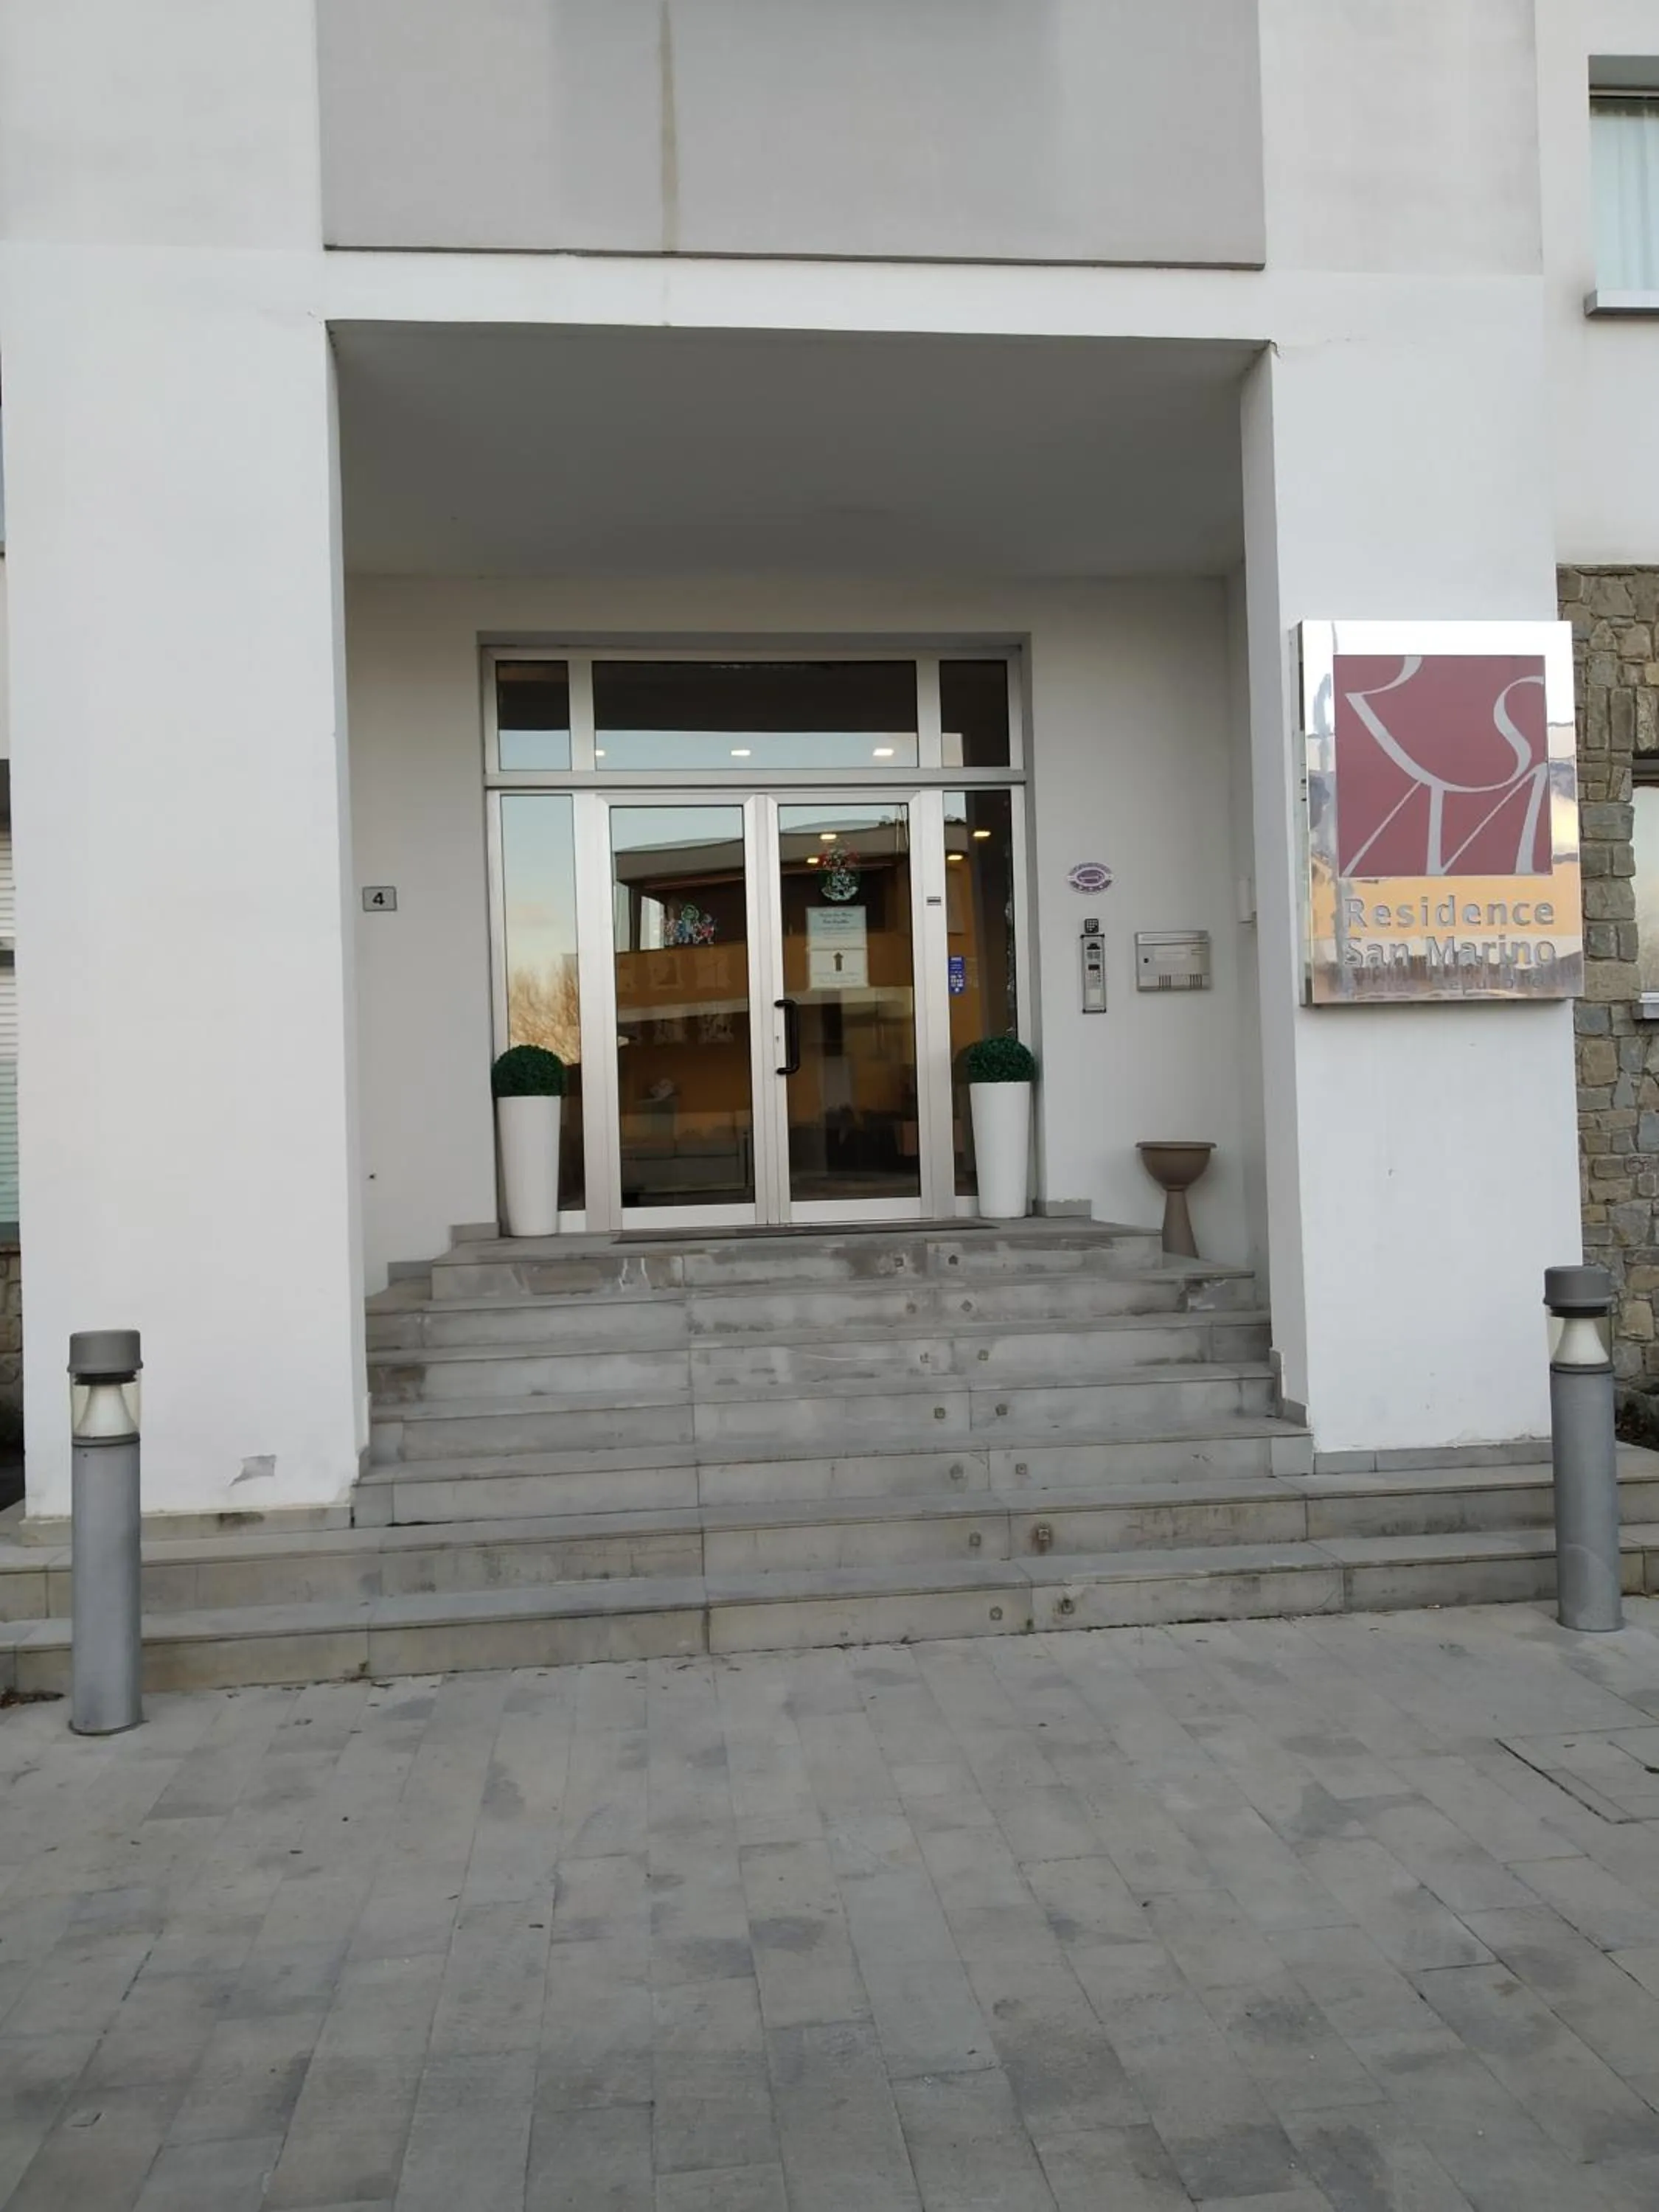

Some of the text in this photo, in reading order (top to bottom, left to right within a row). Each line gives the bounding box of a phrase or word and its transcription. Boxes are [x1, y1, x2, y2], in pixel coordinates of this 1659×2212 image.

[372, 892, 385, 905] 4
[1343, 894, 1555, 928] Residence
[1343, 934, 1557, 967] San Marino
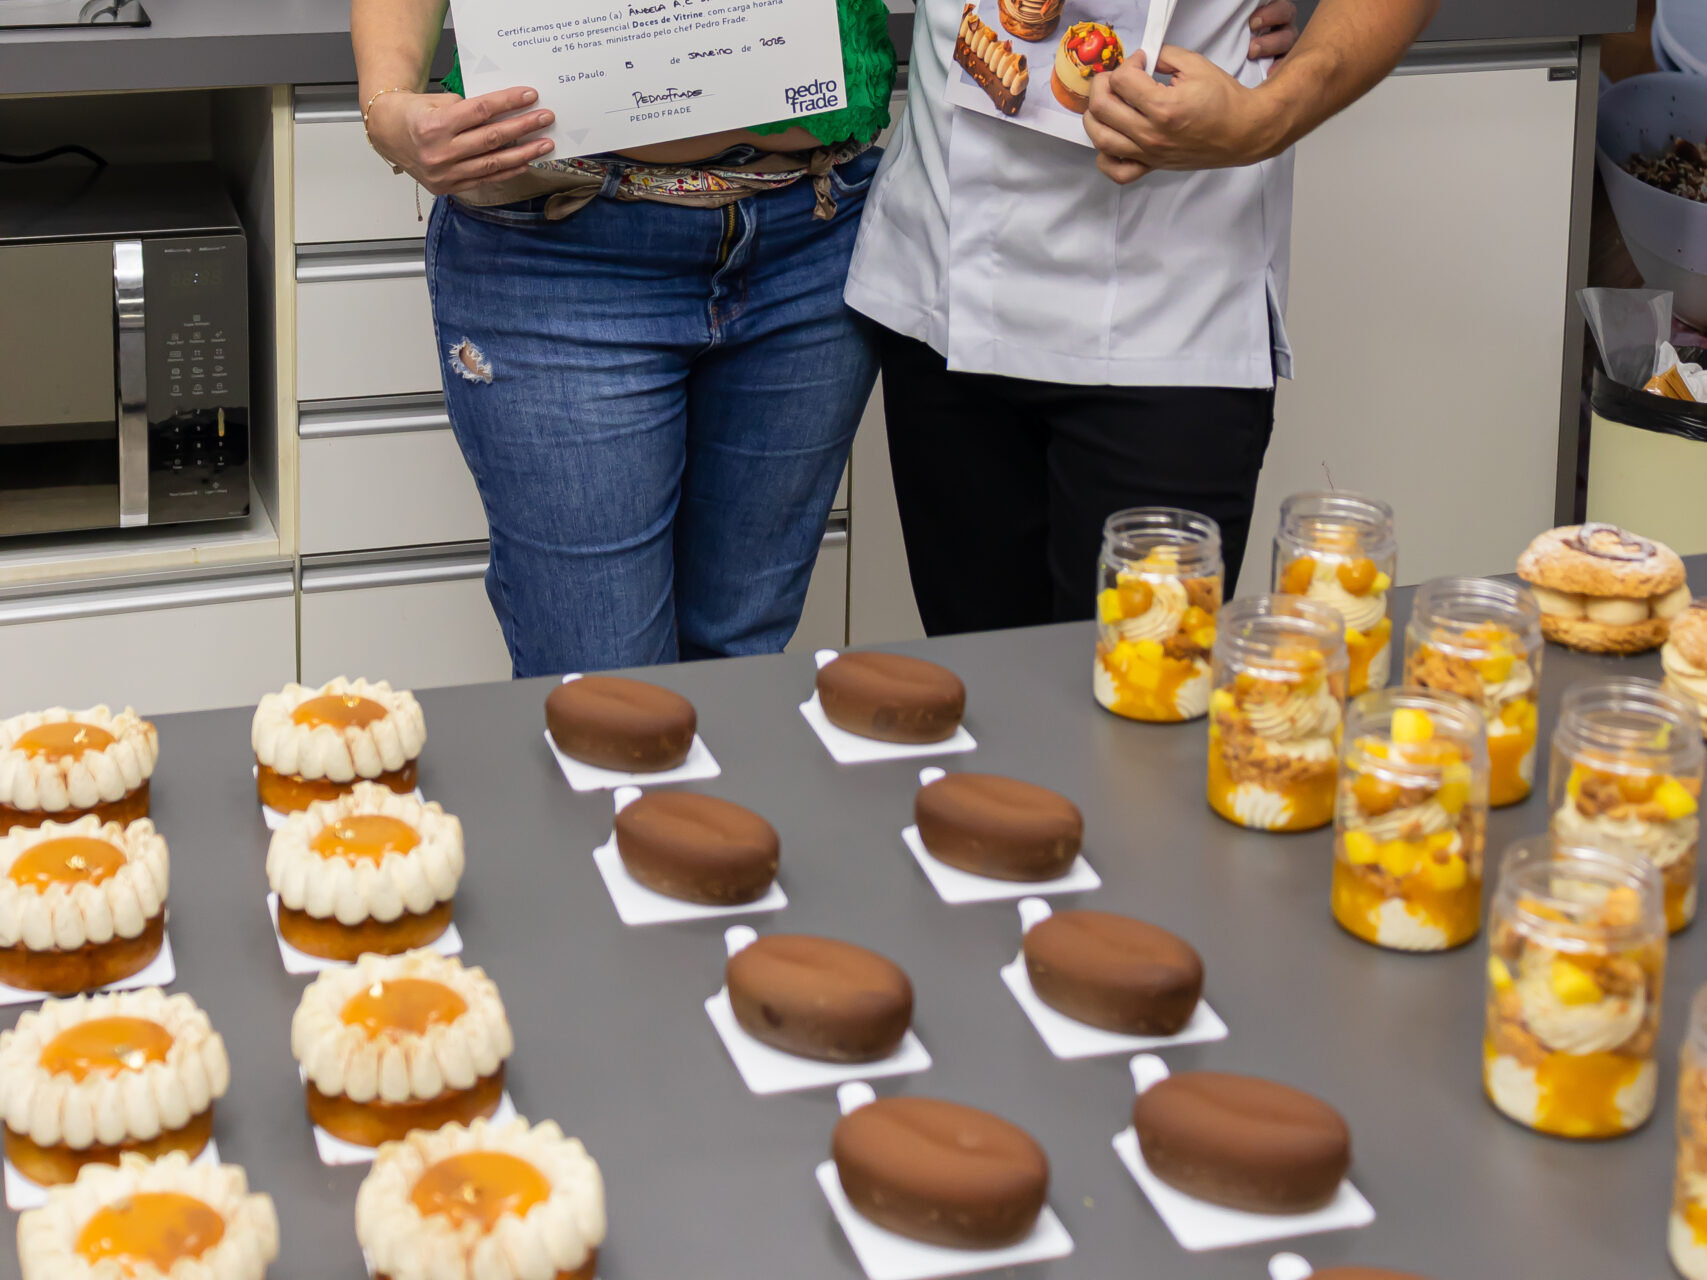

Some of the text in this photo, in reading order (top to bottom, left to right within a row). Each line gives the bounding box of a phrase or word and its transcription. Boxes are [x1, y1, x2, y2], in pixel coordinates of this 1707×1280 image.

[497, 23, 554, 37] Certificamos
[556, 20, 572, 30] que
[582, 15, 607, 25] aluno
[609, 10, 623, 21] (a)
[512, 36, 551, 48] concluiu
[561, 30, 585, 40] curso
[587, 22, 630, 38] presencial
[632, 19, 659, 29] Doces
[661, 16, 671, 24] de
[707, 7, 726, 16] com
[727, 3, 751, 14] carga
[552, 45, 562, 53] de
[564, 43, 575, 51] 16
[606, 31, 651, 45] ministrado
[653, 27, 672, 39] pelo
[674, 24, 692, 33] chef
[695, 20, 720, 30] Pedro
[558, 74, 576, 84] São
[670, 56, 680, 64] de
[741, 44, 752, 53] de
[759, 36, 786, 47] 2025
[784, 79, 837, 104] pedro
[790, 92, 839, 114] frade
[630, 105, 692, 122] PEDRO FRADE

******************************

WHAT YOU SHOULD DO -
Write out every record above exactly as it stands, but leave out the pictures.

RESULT -
Some of the text in this photo, in reading order (top to bottom, left to right within a row). Each line gives the bounding box of a phrase or word and its transcription. Boxes are [x1, y1, x2, y2], in pixel coordinates of this 1659×2212 image.

[372, 892, 385, 905] 4
[1343, 894, 1555, 928] Residence
[1343, 934, 1557, 967] San Marino

Some of the text in this photo, in reading order (top to bottom, left to right within a row). Each line gives the bounding box of a phrase or word and its transcription. Boxes are [x1, y1, x2, y2], in pixel coordinates of this 1707×1280 image.

[497, 23, 554, 37] Certificamos
[556, 20, 572, 30] que
[582, 15, 607, 25] aluno
[609, 10, 623, 21] (a)
[512, 36, 551, 48] concluiu
[561, 30, 585, 40] curso
[587, 22, 630, 38] presencial
[632, 19, 659, 29] Doces
[661, 16, 671, 24] de
[707, 7, 726, 16] com
[727, 3, 751, 14] carga
[552, 45, 562, 53] de
[564, 43, 575, 51] 16
[606, 31, 651, 45] ministrado
[653, 27, 672, 39] pelo
[674, 24, 692, 33] chef
[695, 20, 720, 30] Pedro
[558, 74, 576, 84] São
[670, 56, 680, 64] de
[741, 44, 752, 53] de
[759, 36, 786, 47] 2025
[784, 79, 837, 104] pedro
[790, 92, 839, 114] frade
[630, 105, 692, 122] PEDRO FRADE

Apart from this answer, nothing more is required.